More than anything, I suppose, you represent the average man; living in the shadows of his successful father, jilted out of being the chosen son.  We get it. You are a man who wants to be more but doesn’t know how. We understand.  We know you long to be a good boy and do good things.  This was most evident when you showed up at trial willing to have that 12 year-old boy hair cut and those 100 extra pounds of innocence. We’ve been there. You didn’t want to kill Trayvon Martin; you aren’t filled with paranoid delusional hate.  You didn’t even want to detain him, you just wanted to be a good boy and do whatever necessary to keep your neighborhood safe. We are with you. You are America’s Mr.
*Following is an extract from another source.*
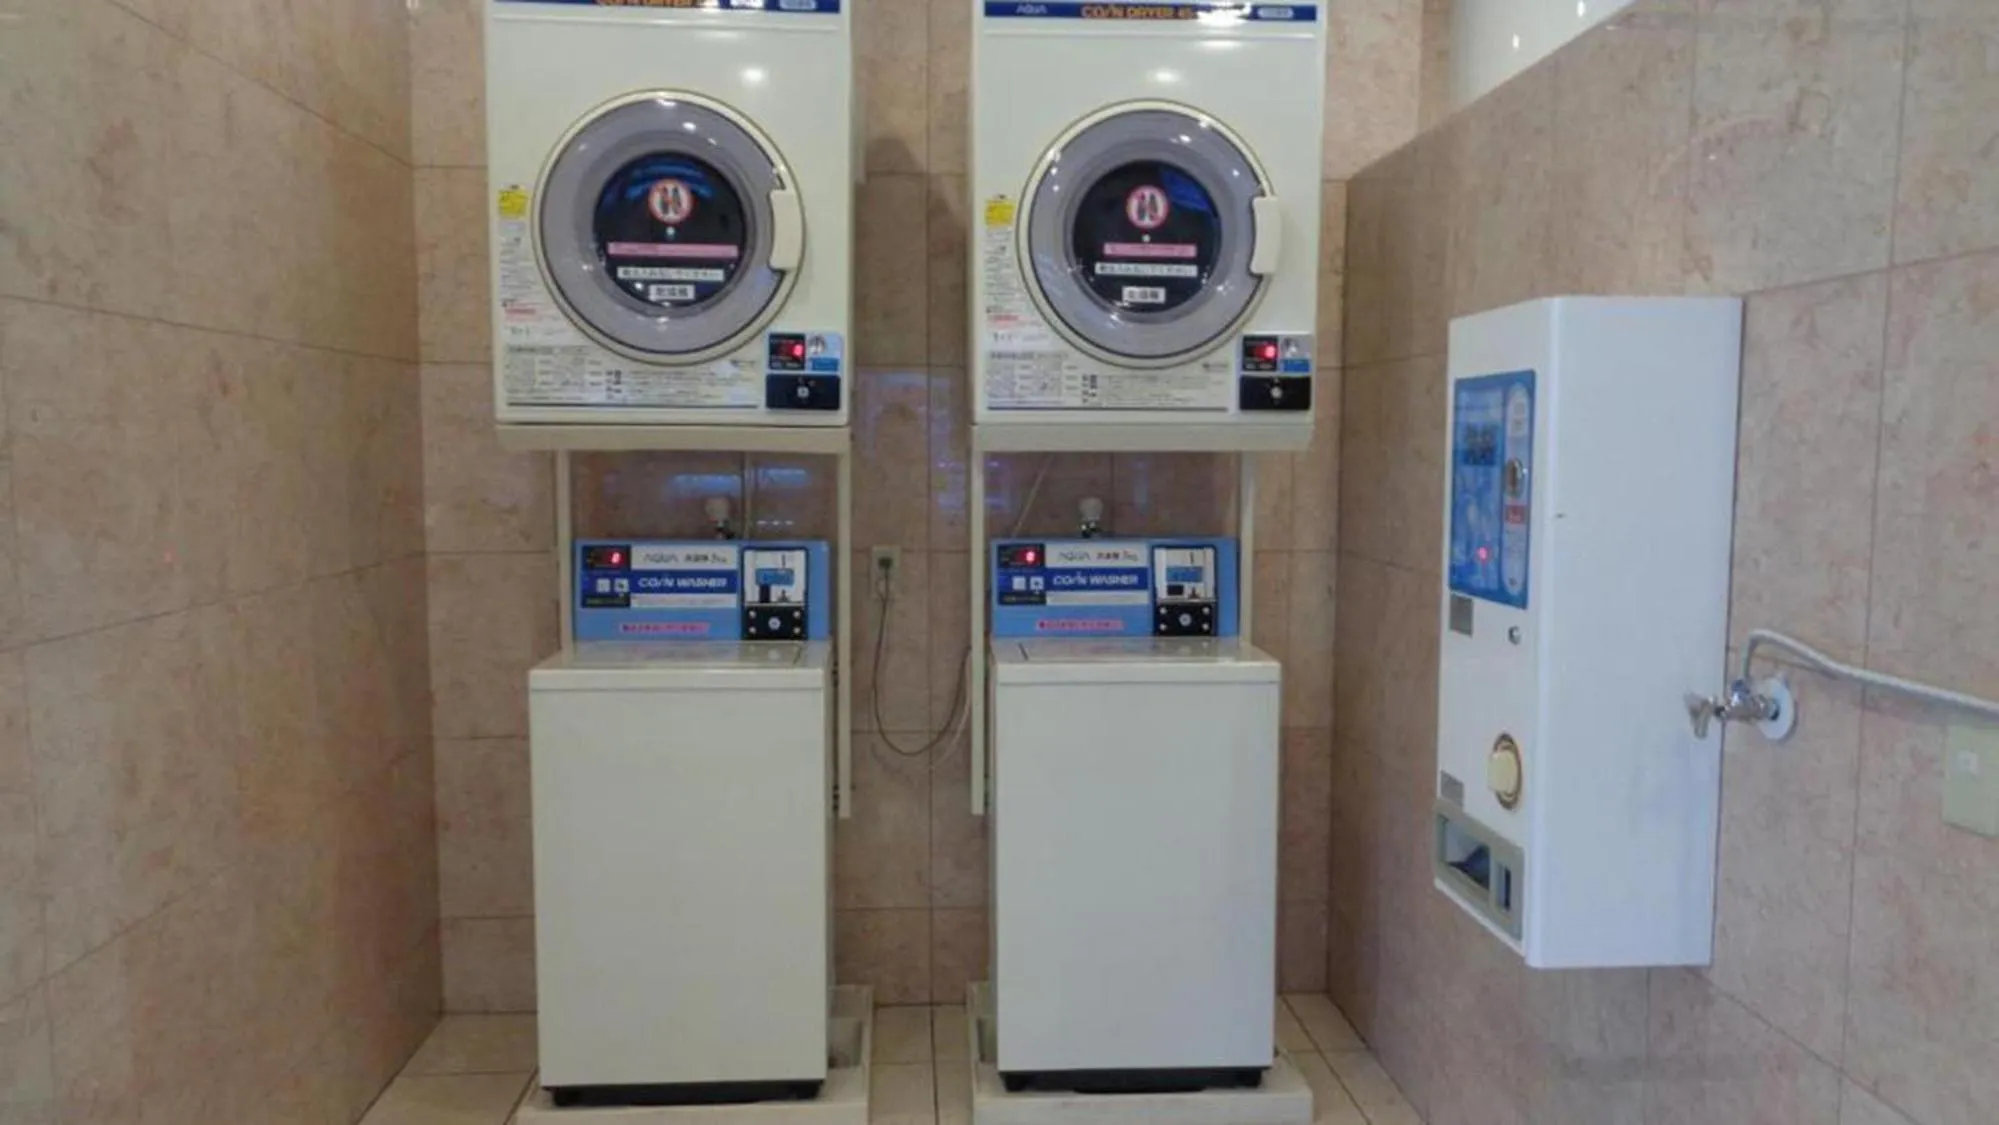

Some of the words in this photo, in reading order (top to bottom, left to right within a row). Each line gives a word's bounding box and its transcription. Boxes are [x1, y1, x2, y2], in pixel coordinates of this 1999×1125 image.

Roger’s and Frank Taffee just one of the people that we meet in the neighborhood. But there is more to you George. Zimmer-Man represents the type of man worthy of study, a true warrior, an anomaly of the mind-boggling intersection where good citizen and moron merge.  You can’t slip away into oblivion, rescue the occasional flipped car and not fulfill your duty to society. You can’t give up on all your dreams of being important and making a difference to the world as a whole. When OJ was found Not Guilty in a court of law, did he give up? No! With the blessing of his attorney Johnny Cochran, he wrote us stupid Americans a book and to help us - IF he had killed them, THIS is how it would’ve been done, in case we didn’t understand. Are you going to show up, make a mess and then leave us to solve it alone? Please George, be the American Superhero we know you can be and run yourself to the nearest Medical Laboratory. And if you can’t do it for America, do it, well… for…. Johnny!